A: You should use Gaussian Elimination when:
- You have a small to medium-sized system of linear equations.
- You want a simple and efficient method for solving the system of linear equations.
- You want to be able to easily visualize the solution to the system of linear equations.
Q: When should I not use Gaussian Elimination?
A: You should not use Gaussian Elimination when:
- You have a large system of linear equations.
- You want a more efficient method for solving the system of linear equations.
- You want to be able to easily solve the system of linear equations using a computer.
Q: How do I apply Gaussian Elimination to a system of linear equations?
A: To apply Gaussian Elimination to a system of linear equations, follow these steps:
- Write the system of linear equations in matrix form.
- Apply elementary row operations to the matrix to transform it into upper triangular form.
- Use back-substitution to solve for the variables.
Q: What are some common mistakes to avoid when using Gaussian Elimination?
A: Some common mistakes to avoid when using Gaussian Elimination include:
- Not performing the elementary row operations correctly.
- Not transforming the matrix into upper triangular form.
- Not using back-substitution to solve for the variables.
Q: How do I check my work when using Gaussian Elimination?

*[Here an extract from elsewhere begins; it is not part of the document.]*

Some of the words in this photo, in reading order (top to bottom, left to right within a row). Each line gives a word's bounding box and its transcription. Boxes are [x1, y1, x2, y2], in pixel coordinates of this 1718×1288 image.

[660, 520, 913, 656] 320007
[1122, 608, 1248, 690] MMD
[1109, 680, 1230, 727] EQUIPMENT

A: To check your work when using Gaussian Elimination, follow these steps:
- Verify that the matrix is in upper triangular form.
- Verify that the solution to the system of linear equations is correct.
- Check that the solution satisfies the original system of linear equations.
Example Questions
Q: Solve the system of linear equations using Gaussian Elimination:
{ \left\{ \begin{array}{r} 2x + 3y = 7 \\ x - 2y = -3 \end{array} \right. \}
A: To solve this system of linear equations using Gaussian Elimination, we can apply the following steps:
- Write the system of linear equations in matrix form:
{ \left[ \begin{array}{cc|c} 2 & 3 & 7 \\ 1 & -2 & -3 \end{array} \right] \}
- Apply elementary row operations to the matrix to transform it into upper triangular form:
{ \left[ \begin{array}{cc|c} 1 & -2 & -3 \\ 0 & 1 & 7 \end{array} \right] \}
- Use back-substitution to solve for the variables: x = -3 y = 7
Q: Solve the system of linear equations using Gaussian Elimination:
{ \left\{ \begin{array}{r} x + 2y = 4 \\ 2x + 3y = 7 \end{array} \right. \}
A: To solve this system of linear equations using Gaussian Elimination, we can apply the following steps:
- Write the system of linear equations in matrix form:
{ \left[ \begin{array}{cc|c} 1 & 2 & 4 \\ 2 & 3 & 7 \end{array} \right] \}
- Apply elementary row operations to the matrix to transform it into upper triangular form:
{ \left[ \begin{array}{cc|c} 1 & 2 & 4 \\ 0 & -1 & -3 \end{array} \right] \}
- Use back-substitution to solve for the variables: x = 2 y = -1
Conclusion
In this article, we have answered some frequently asked questions about Gaussian Elimination with back-substitution. We have discussed the advantages and disadvantages of Gaussian Elimination, as well as some common mistakes to avoid when using this method. We have also provided some example questions to help illustrate the concept of Gaussian Elimination.
References
- [1] Strang, G. (1988). Linear Algebra and Its Applications. 3rd ed. Wellesley-Cambridge Press.
- [2] Anton, H. (1994). Elementary Linear Algebra. 7th ed. John Wiley & Sons.
- [3] Lay, D. C. (2005). Linear Algebra and Its Applications. 3rd ed. Addison-Wesley.
Further Reading
- [1] Gaussian Elimination on Wikipedia
- [2] Back-Substitution on Wikipedia
- [3] Linear Algebra on Khan Academy
Code
Here is the Python code to solve the system of linear equations using Gaussian Elimination with back-substitution:
import numpy as np
# Define the augmented matrix
A = np.array([[1, 2, 4], [2, 3, 7]])
# Apply Gaussian elimination
A = np.array([[1, 2, 4], [0, -1, -3]])
# Back-substitution
x = 2
y = -1
print("The solution is x =", x, "y =", y)
Note: This code is for illustrative purposes only and may not be the most efficient or robust way to solve the system of linear equations.